For the last several weeks, my daughter has been either chewing or sucking on ice a lot. She just tells me that it tastes good, but I’m concerned that she may have increased thirst and not realize it. She also does not know that she is at increased risk and is ICA positive. I told her she was in the study because her two cousins have diabetes, and we are just being careful. I am afraid to tell her she is at higher risk because of the stress it will put on her.to have to worry about a disease she may never get since she is a worrier. Am I doing the right thing?
Answer:
If the only indication of diabetes that your daughter has had during five years in the DPT-1 trial is a positive initial islet cell antibody test, I think you can assume that her risk of developing type 1A (autoimmune) diabetes now is much nearer to that of the normal population than that incurred by having two affected cousins.
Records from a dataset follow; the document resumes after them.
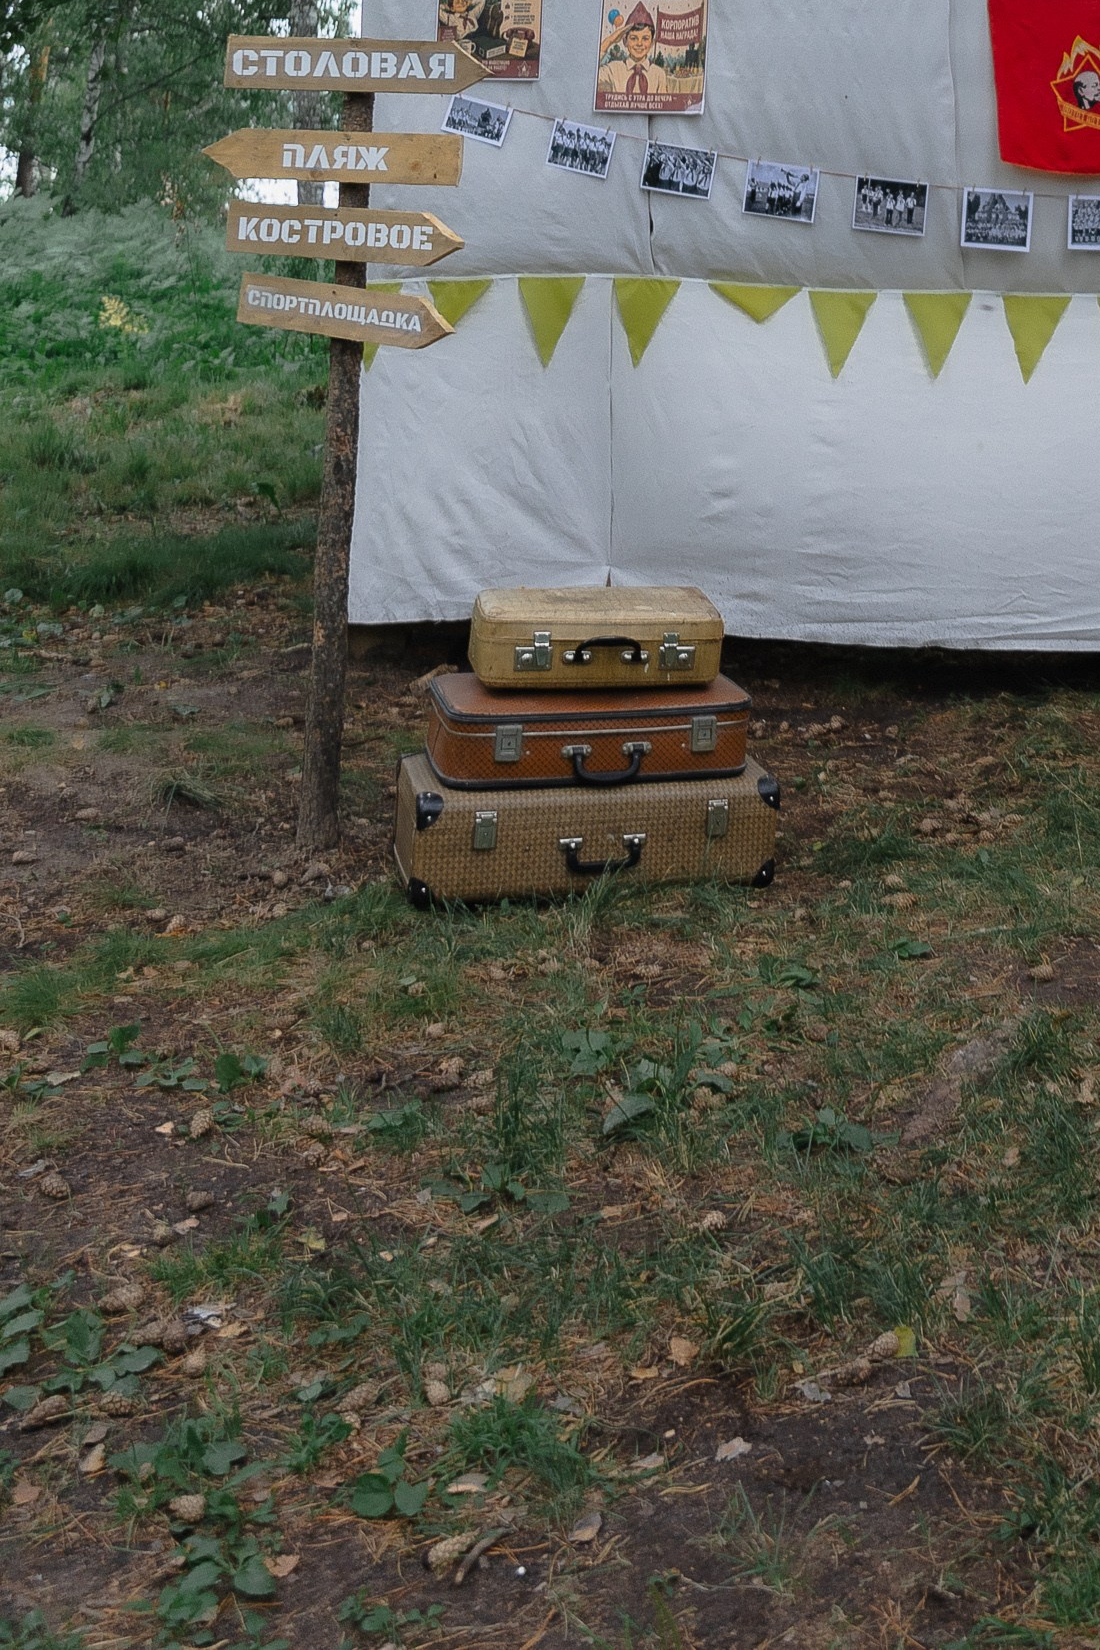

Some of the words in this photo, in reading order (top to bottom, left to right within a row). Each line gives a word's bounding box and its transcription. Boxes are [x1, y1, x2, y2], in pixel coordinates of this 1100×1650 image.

[661, 14, 700, 30] КОРПОРАТИВ
[660, 30, 675, 40] НАША
[232, 49, 455, 80] СТОЛОВАЯ
[604, 101, 629, 109] ОТДЫХАЙ
[605, 93, 628, 101] ТРУДИСЬ
[282, 143, 389, 171] ПЛЯЖ
[237, 216, 433, 251] КОСТРОВОЕ
[247, 288, 422, 332] СПОРТПЛОЩАДКА
I think that the pediatrician was right to treat her as essentially normal and not to repeat any of the antibody tests again, especially as you say that she is made anxious by this emphasis on a disorder she is unlikely to suffer from.
In any case as you probably know, neither subcutaneous insulin as in the DPT-1 trial nor nicotinamide as used in ENDIT (the corresponding European/Canadian trial) showed any effect on the incidence of autoimmune diabetes.